Exercise goal:
Any image in the records is to be dropped, and everything else duplicated precisely.

[Start of section]

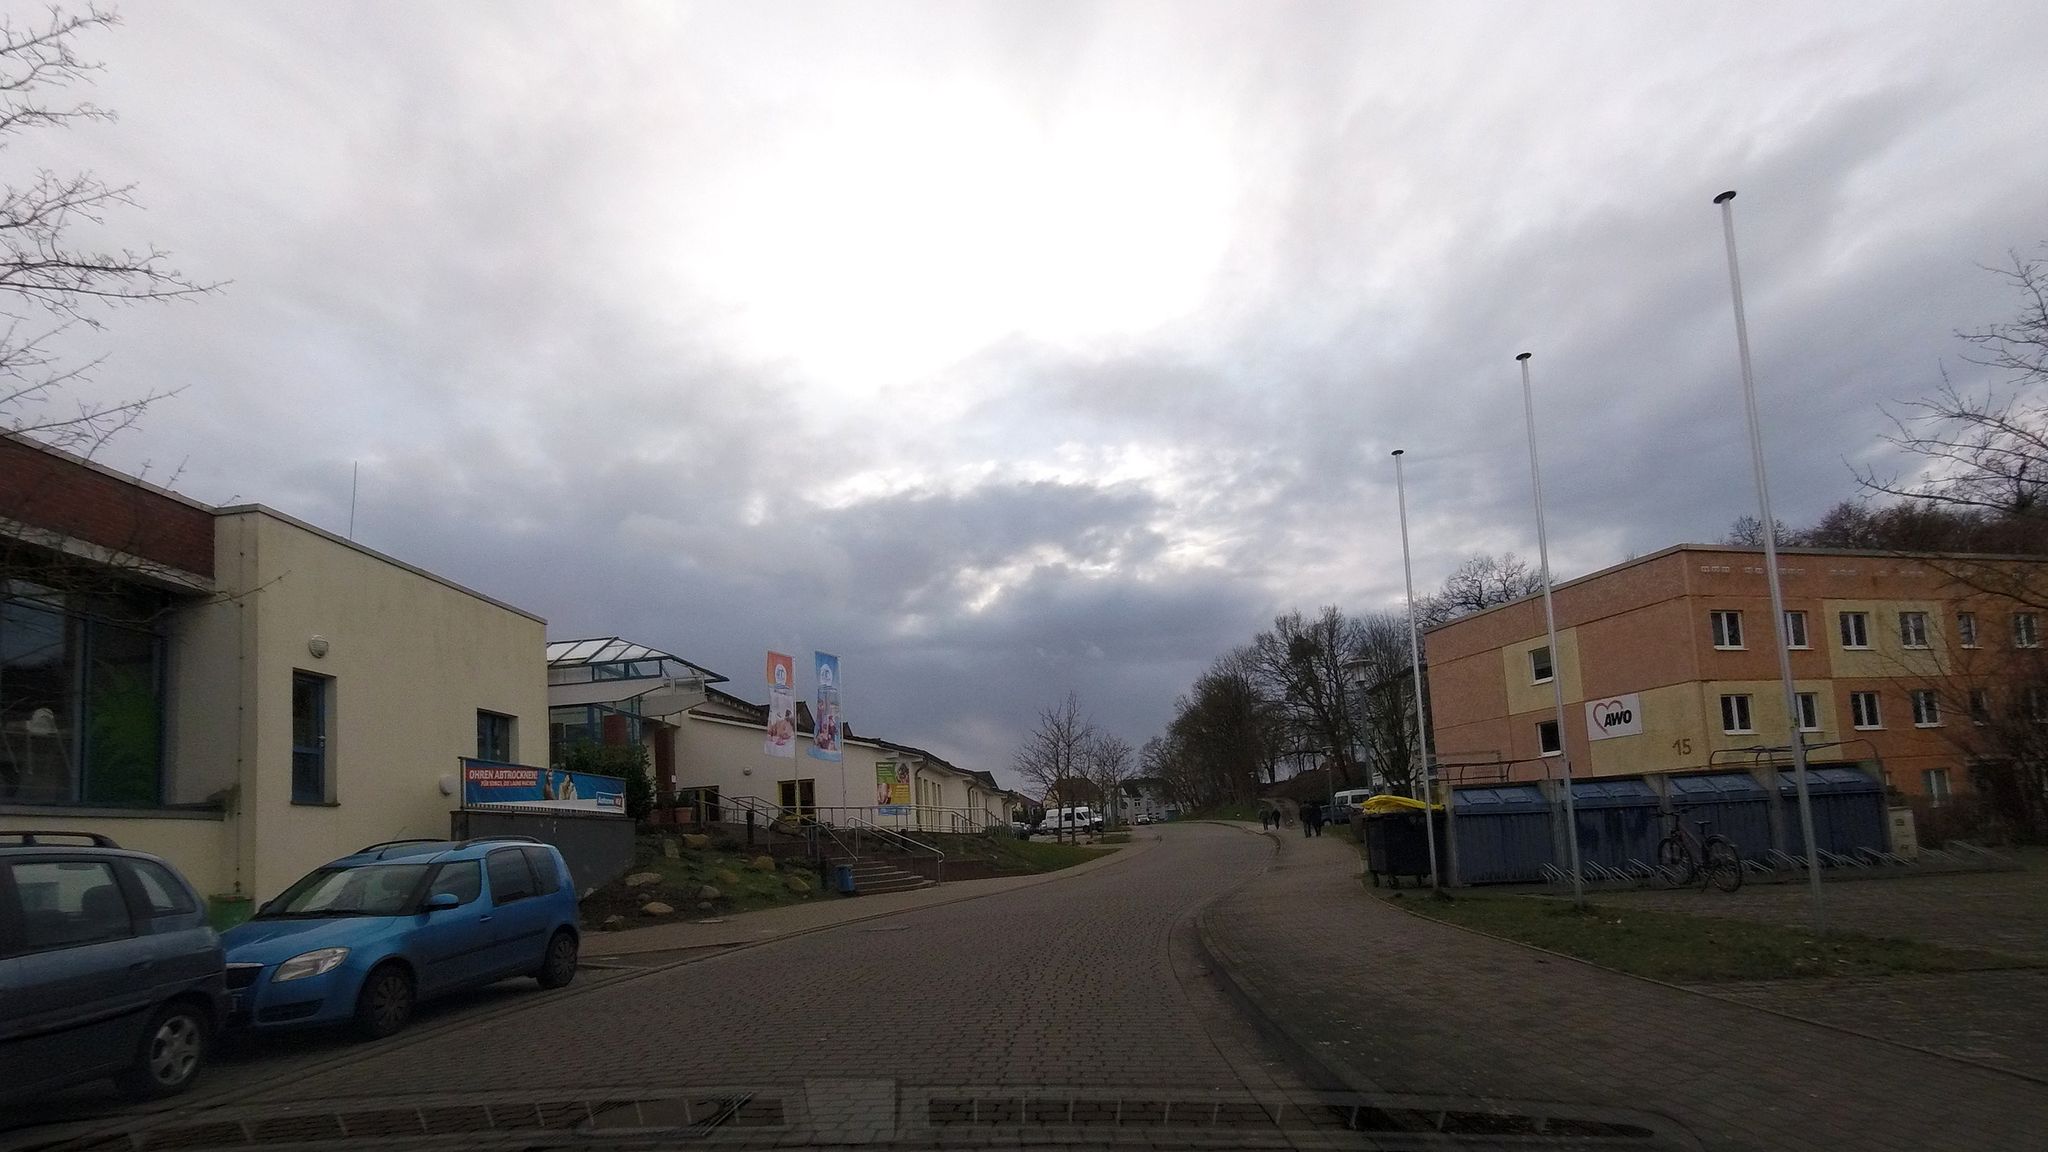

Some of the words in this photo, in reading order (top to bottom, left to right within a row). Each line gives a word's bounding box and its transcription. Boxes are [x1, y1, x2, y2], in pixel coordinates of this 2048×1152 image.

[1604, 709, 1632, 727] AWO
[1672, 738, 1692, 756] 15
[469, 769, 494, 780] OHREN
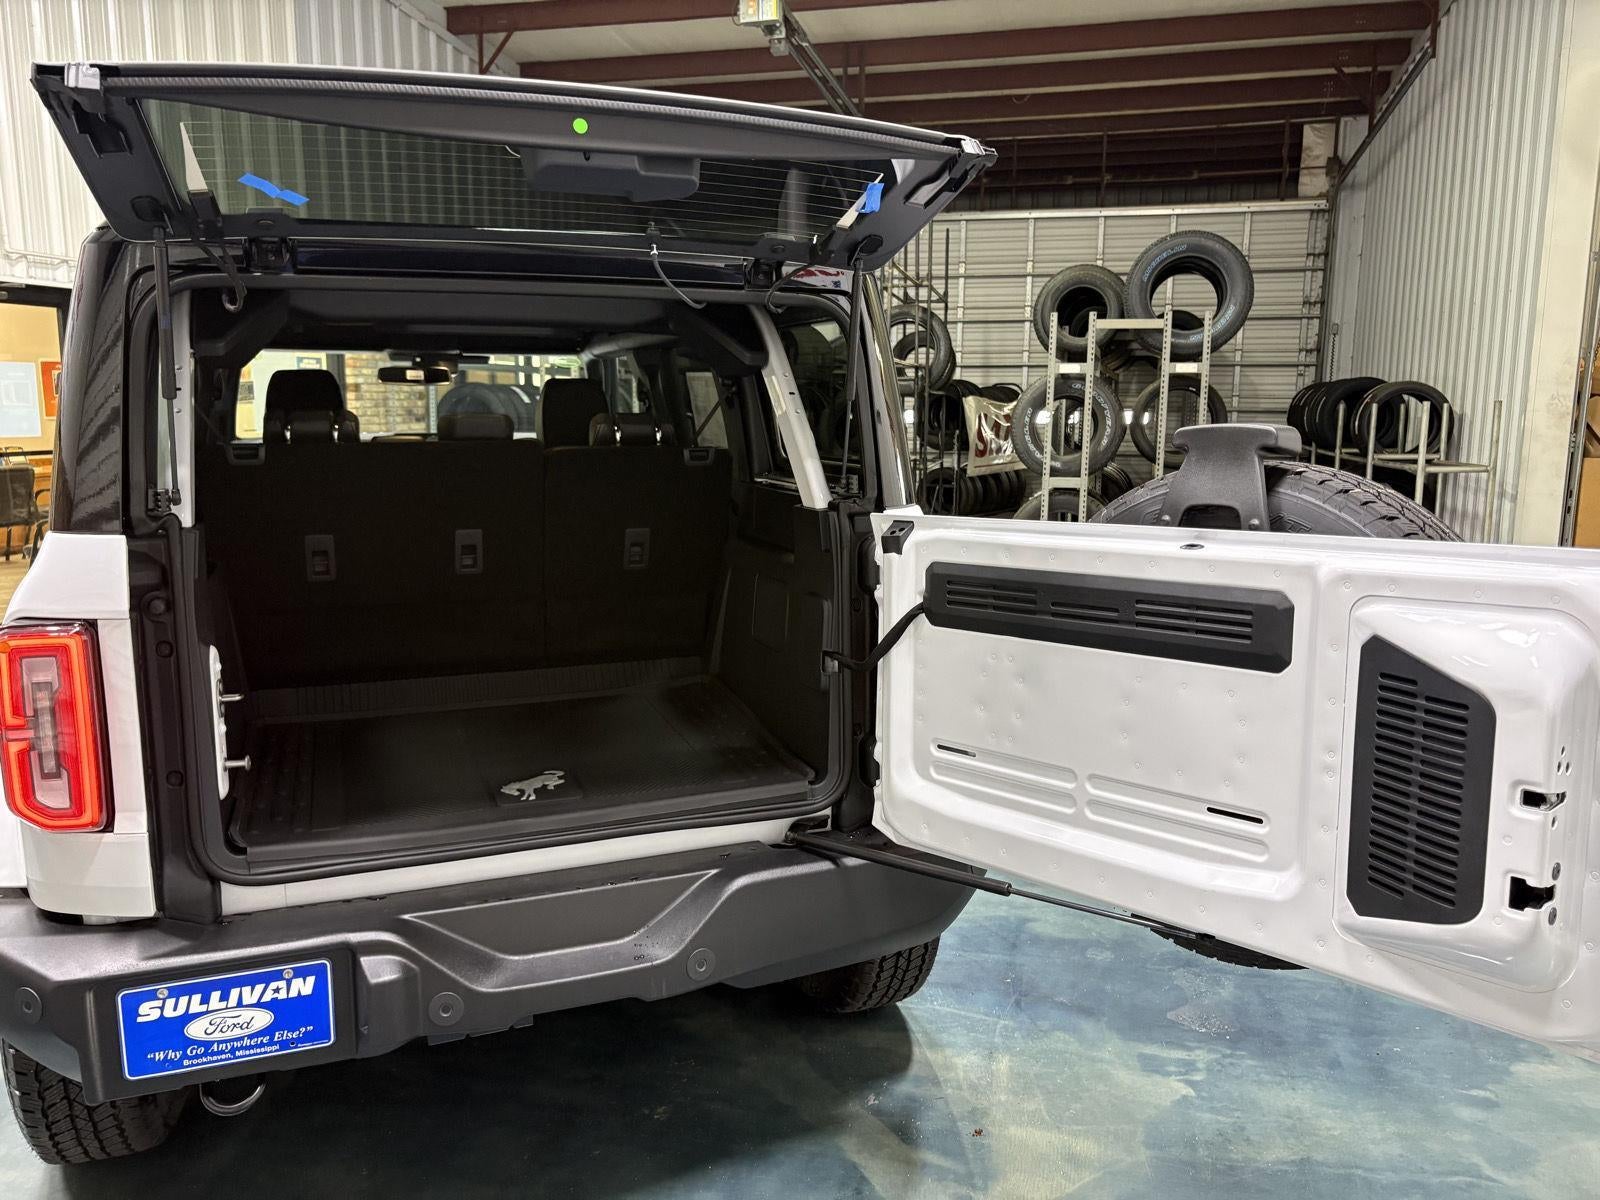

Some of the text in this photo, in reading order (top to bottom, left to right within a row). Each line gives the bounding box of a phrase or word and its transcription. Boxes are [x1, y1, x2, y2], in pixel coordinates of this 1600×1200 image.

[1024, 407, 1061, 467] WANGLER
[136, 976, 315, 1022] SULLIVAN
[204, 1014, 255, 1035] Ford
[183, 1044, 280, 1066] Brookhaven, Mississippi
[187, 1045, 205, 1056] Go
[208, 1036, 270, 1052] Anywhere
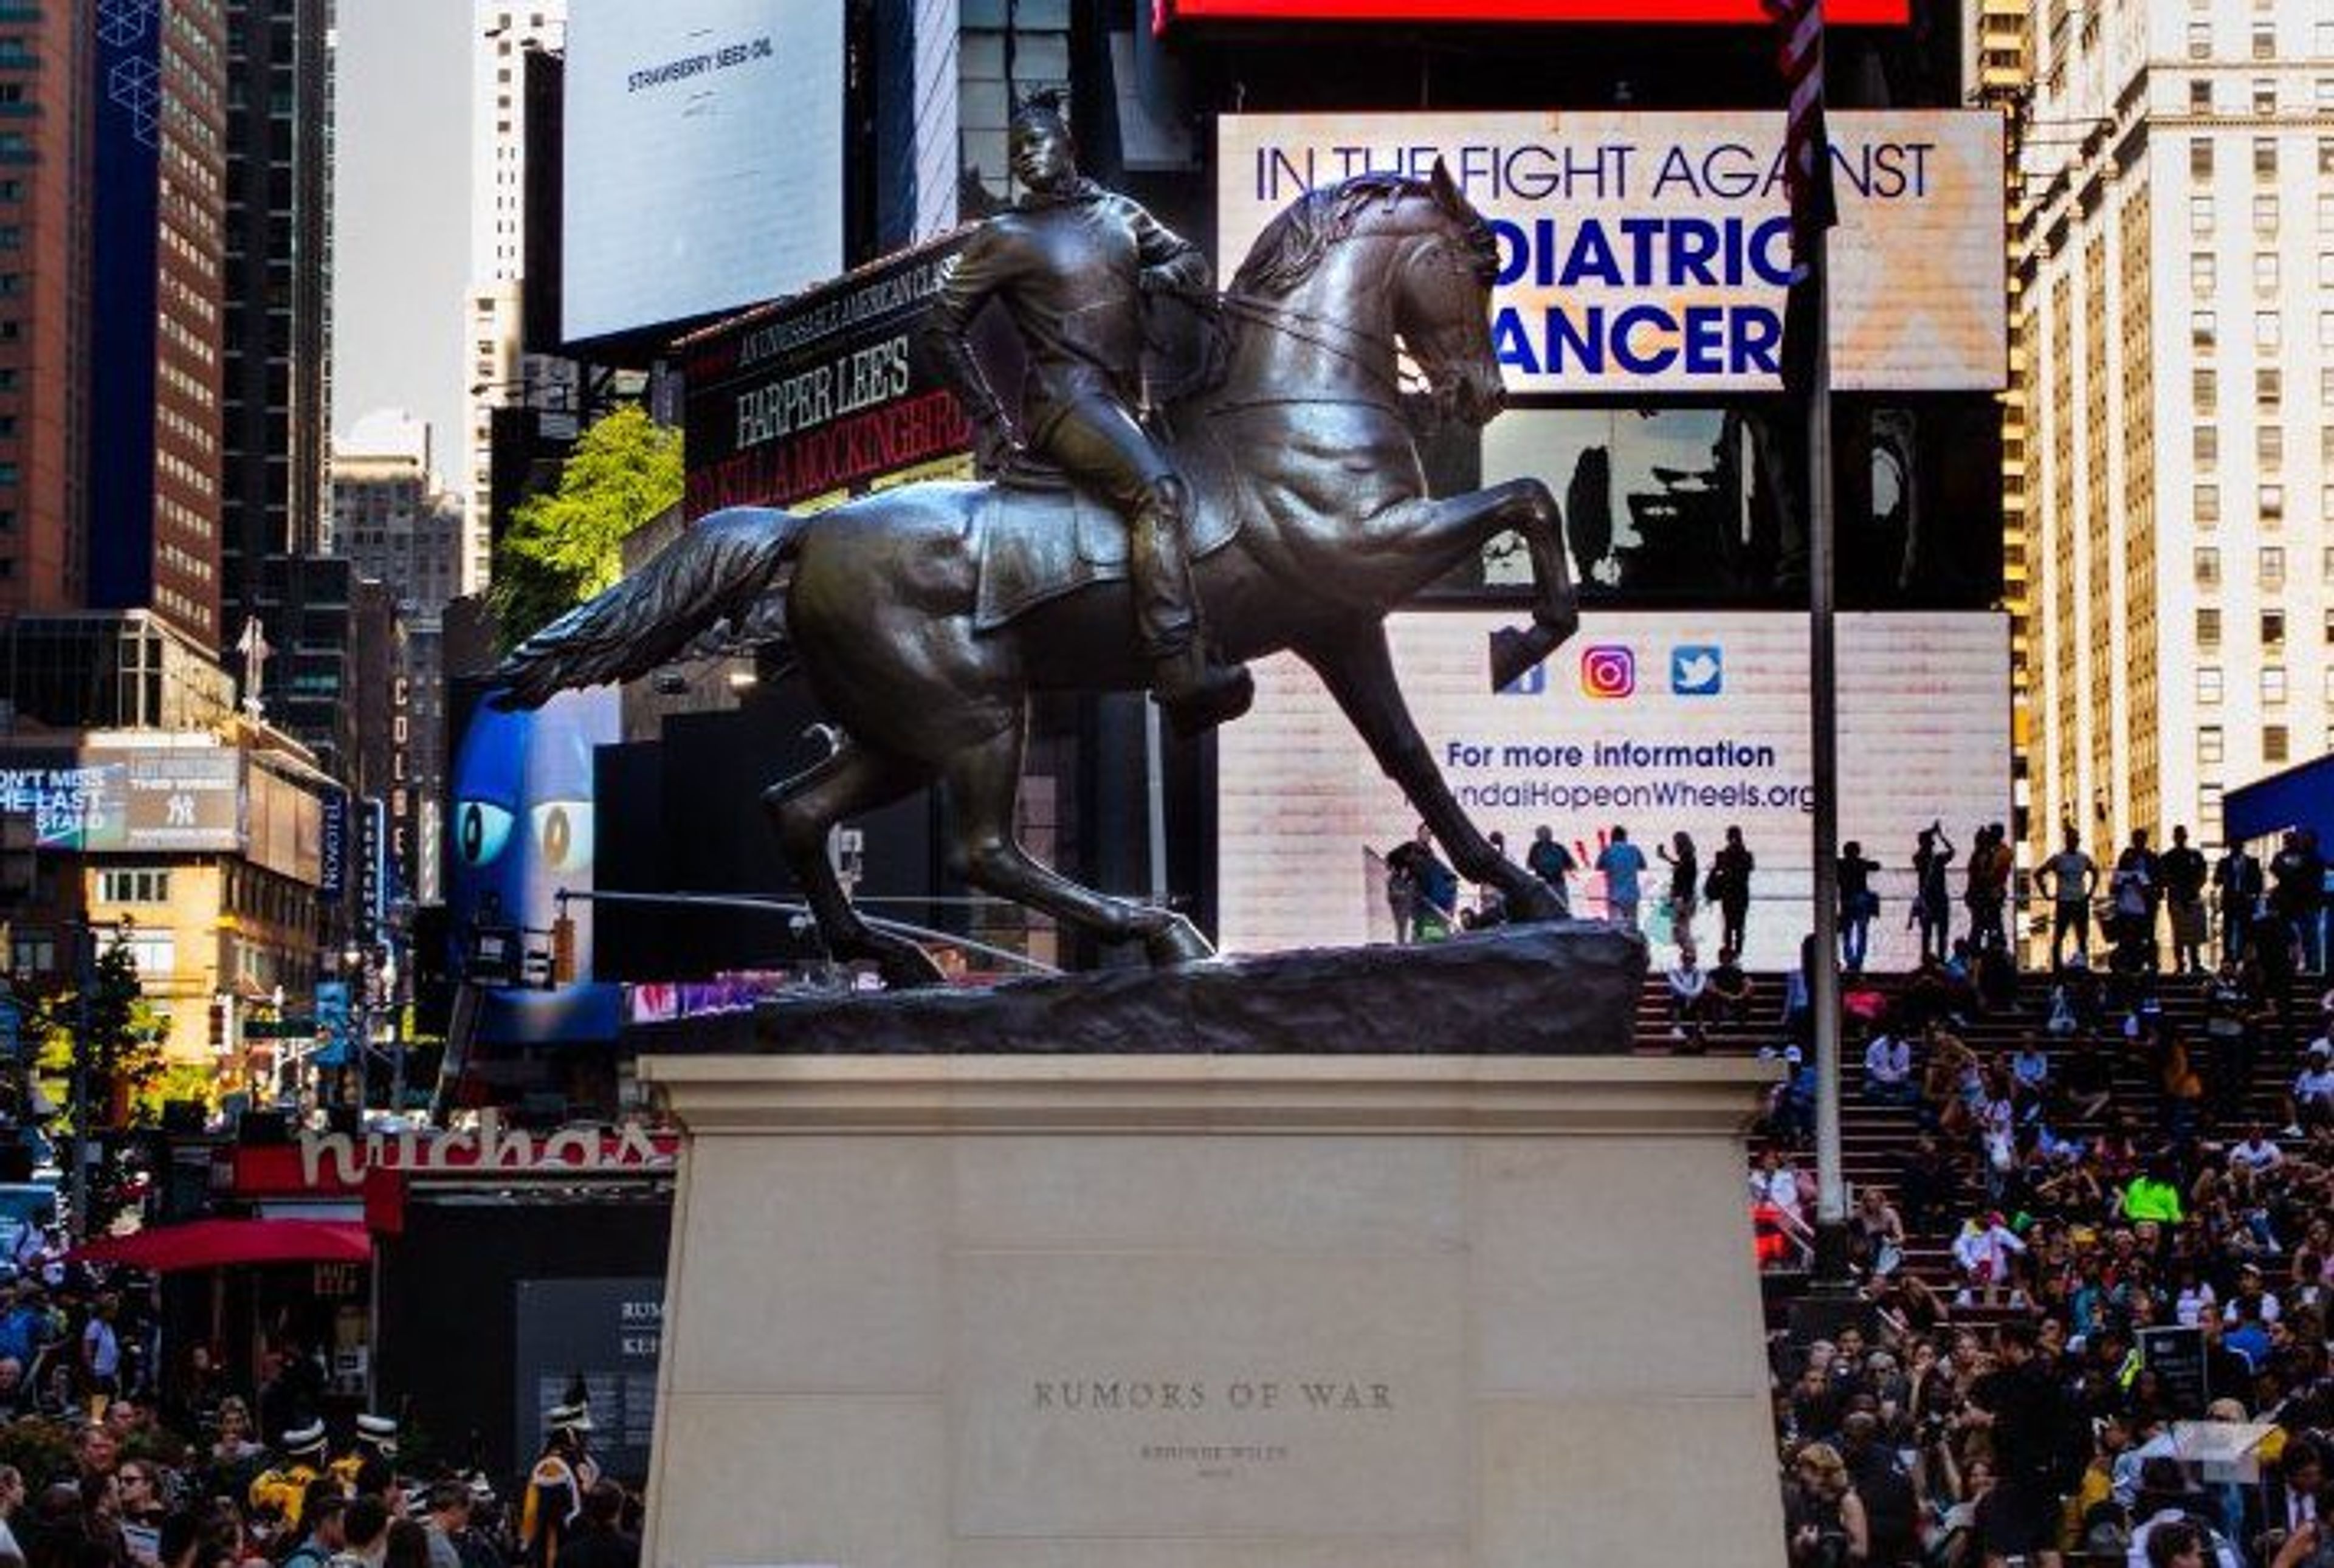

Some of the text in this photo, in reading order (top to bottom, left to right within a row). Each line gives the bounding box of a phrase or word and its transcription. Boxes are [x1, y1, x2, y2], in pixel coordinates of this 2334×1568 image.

[End of section]

Answer space:
Some of the words in this photo, in reading order (top to bottom, left to right within a row). Each line gives a word's bounding box and its transcription. Boxes are [x1, y1, x2, y2], in pixel coordinates of this 2048×1152 image.

[1604, 709, 1632, 727] AWO
[1672, 738, 1692, 756] 15
[469, 769, 494, 780] OHREN

Some of the text in this photo, in reading order (top to bottom, left to right within a row). Each line gives the bounding box of a phrase or word and its transcription. Boxes are [x1, y1, x2, y2], in pixel coordinates of this 1600×1200 image.

[1024, 407, 1061, 467] WANGLER
[136, 976, 315, 1022] SULLIVAN
[204, 1014, 255, 1035] Ford
[183, 1044, 280, 1066] Brookhaven, Mississippi
[187, 1045, 205, 1056] Go
[208, 1036, 270, 1052] Anywhere

Some of the text in this photo, in reading order (top to bottom, left to right within a row). Each line gives the bounding box of a phrase or word and its transcription. Boxes are [x1, y1, x2, y2], in pixel coordinates of this 2334×1568 image.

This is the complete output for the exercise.